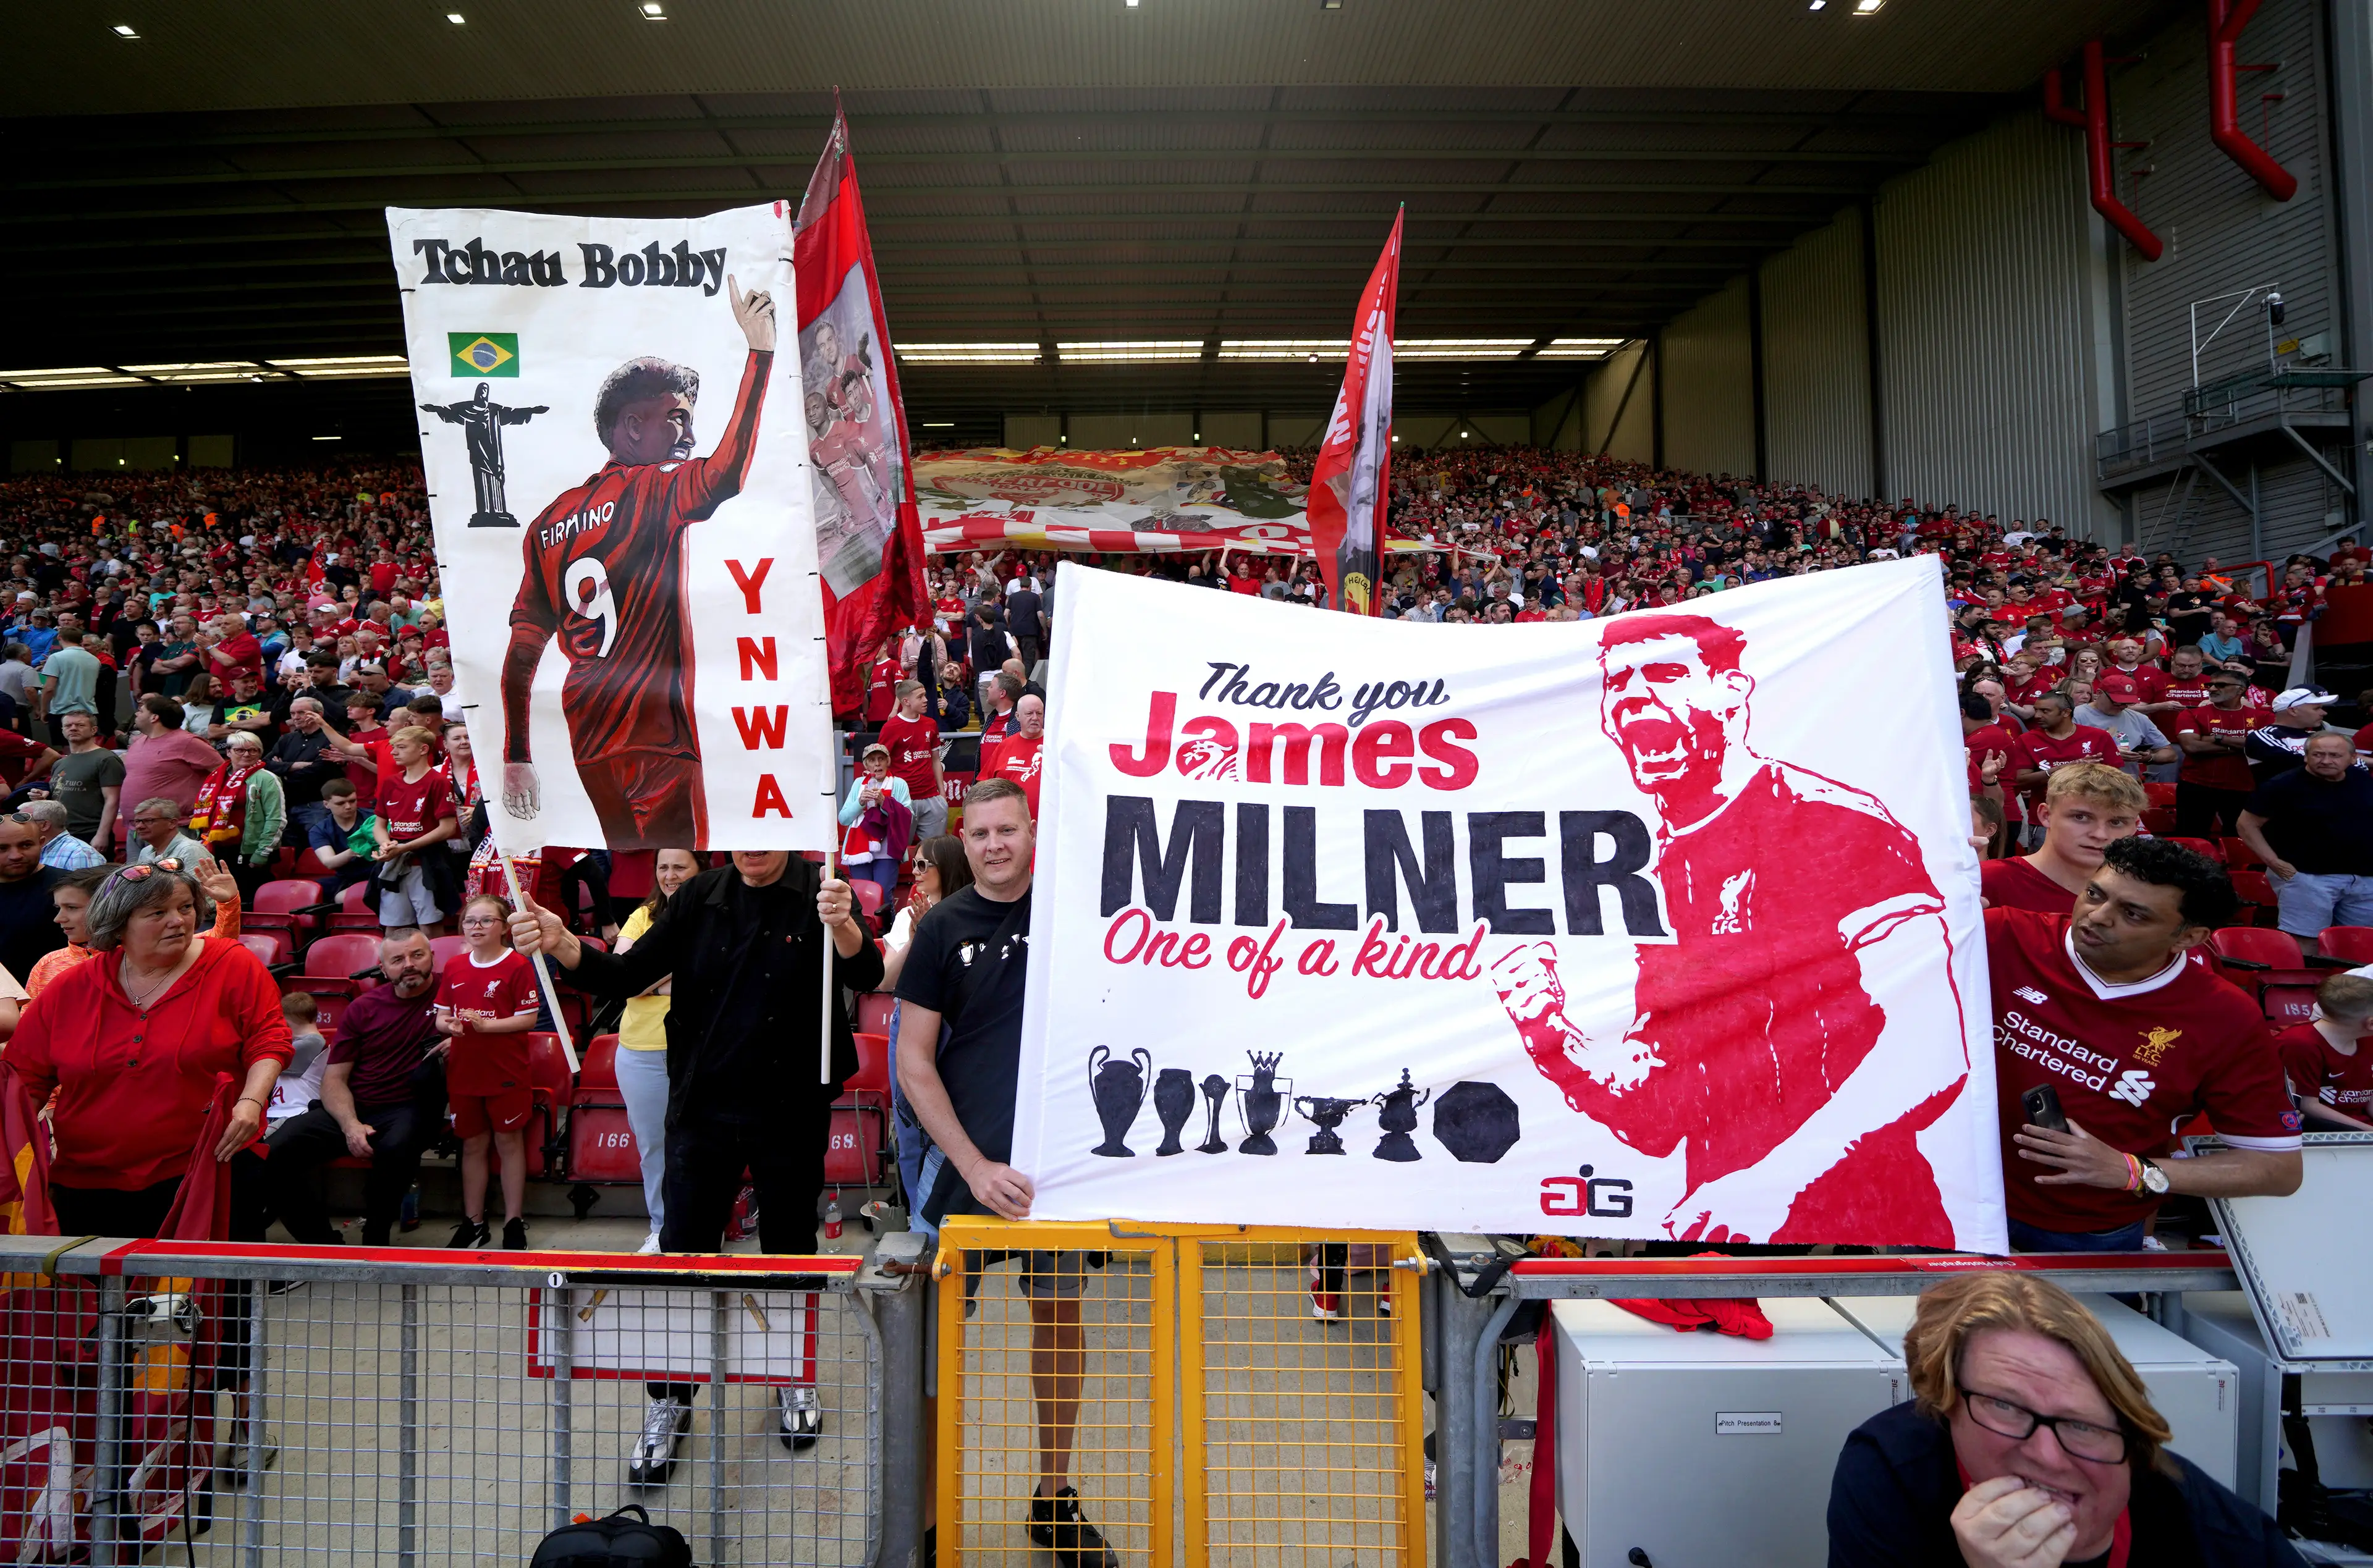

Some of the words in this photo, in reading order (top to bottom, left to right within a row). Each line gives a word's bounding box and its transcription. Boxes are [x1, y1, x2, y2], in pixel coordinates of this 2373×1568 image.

[413, 237, 567, 287] Tchau
[578, 240, 726, 297] Bobby
[541, 500, 615, 550] FIRMINO
[565, 556, 618, 659] 9
[1199, 661, 1343, 710] Thank
[1347, 677, 1451, 728] you
[1108, 691, 1480, 791] James
[1101, 795, 1669, 937] MILNER
[1103, 908, 1211, 970] One
[1227, 918, 1286, 1000] of
[1298, 938, 1339, 976] a
[1351, 913, 1481, 982] kind
[1711, 919, 1742, 935] LFC
[1993, 1024, 2108, 1092] Chartered
[2003, 1011, 2120, 1073] Standard
[2141, 1057, 2159, 1067] YEARS
[598, 1132, 630, 1149] 166
[552, 1274, 557, 1286] 1
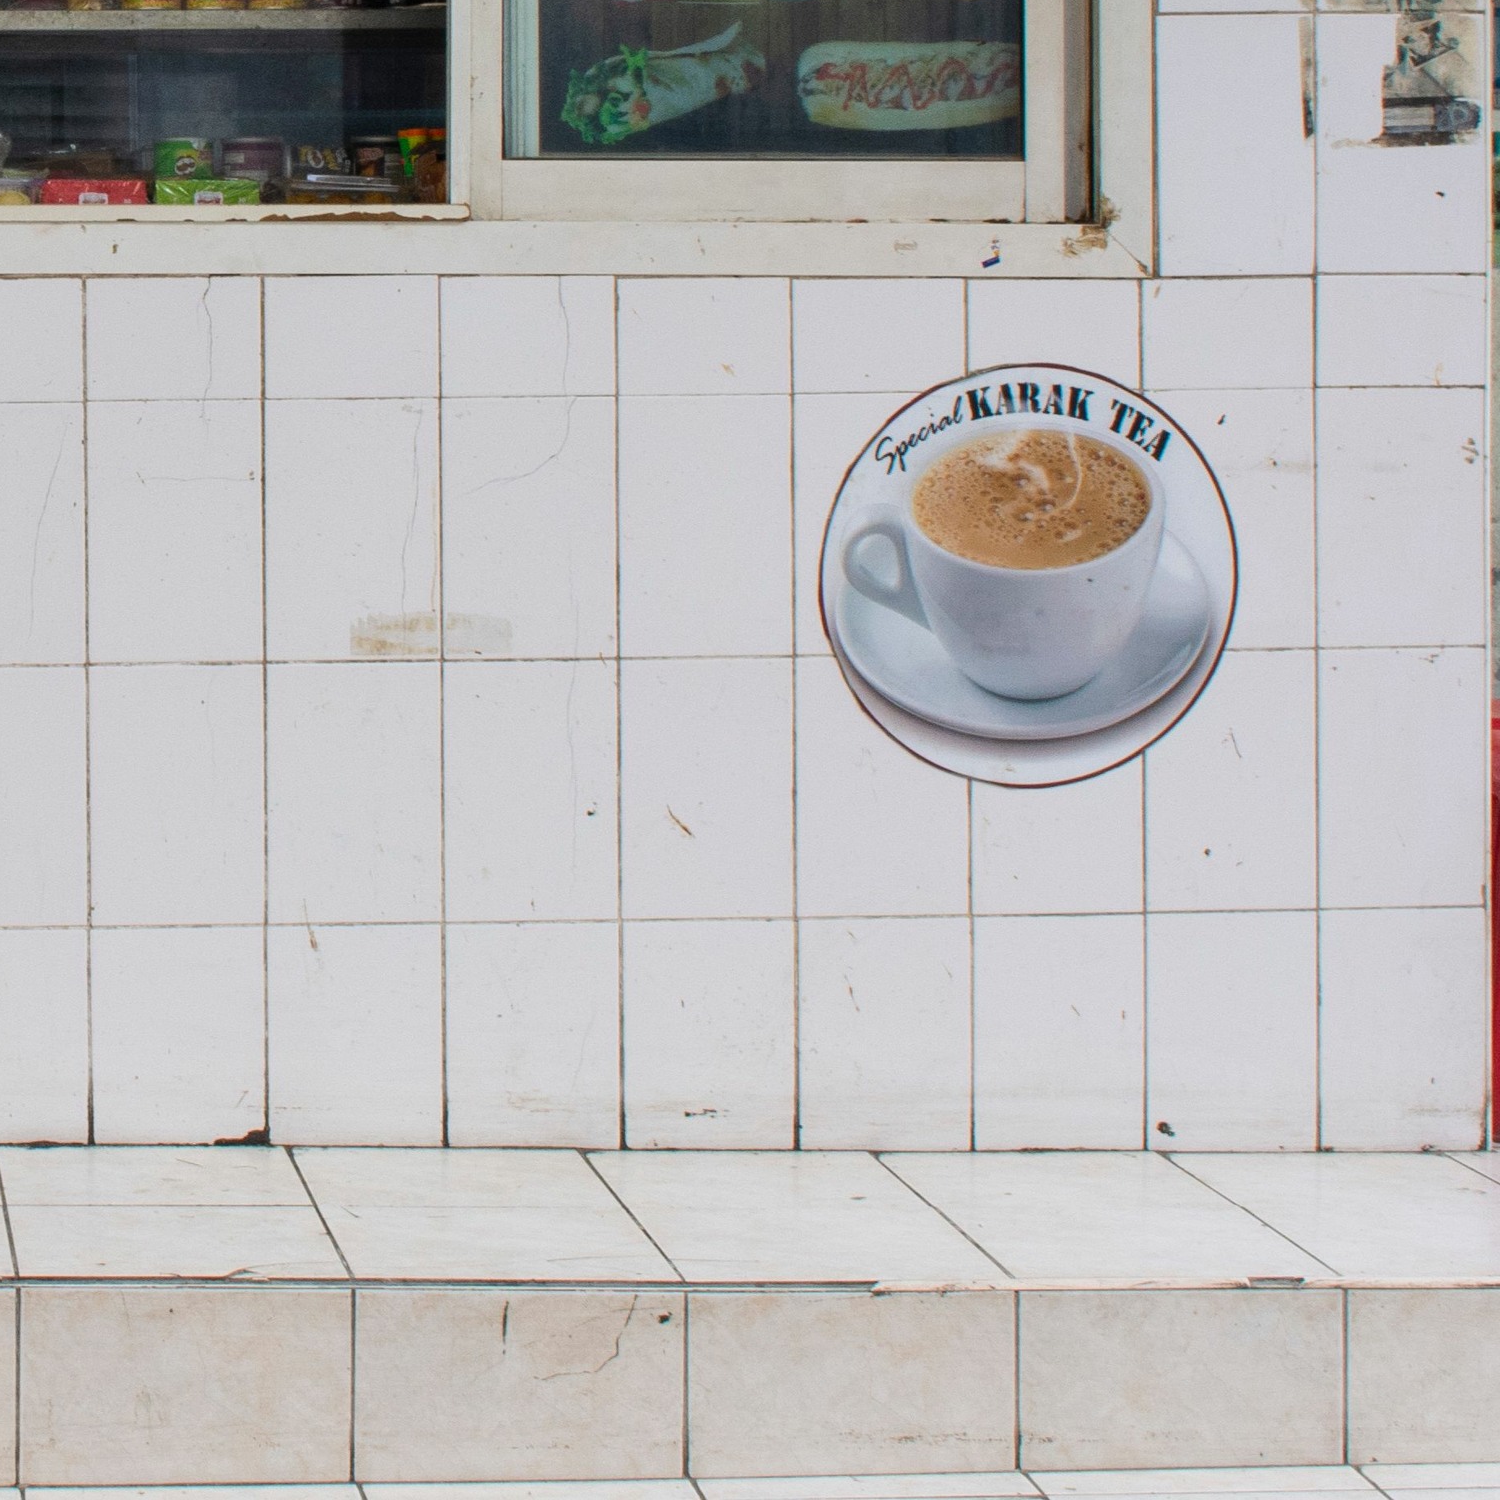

━━━

**TASK REQUIREMENTS**.
Each record above should be duplicated word for word, with no pictures included.

**ANSWER BELOW**.
Some of the words in this photo, in reading order (top to bottom, left to right within a row). Each line gives a word's bounding box and its transcription. Boxes are [x1, y1, x2, y2], in pixel coordinates of this 2373×1568 image.

[413, 237, 567, 287] Tchau
[578, 240, 726, 297] Bobby
[541, 500, 615, 550] FIRMINO
[565, 556, 618, 659] 9
[1199, 661, 1343, 710] Thank
[1347, 677, 1451, 728] you
[1108, 691, 1480, 791] James
[1101, 795, 1669, 937] MILNER
[1103, 908, 1211, 970] One
[1227, 918, 1286, 1000] of
[1298, 938, 1339, 976] a
[1351, 913, 1481, 982] kind
[1711, 919, 1742, 935] LFC
[1993, 1024, 2108, 1092] Chartered
[2003, 1011, 2120, 1073] Standard
[2141, 1057, 2159, 1067] YEARS
[598, 1132, 630, 1149] 166
[552, 1274, 557, 1286] 1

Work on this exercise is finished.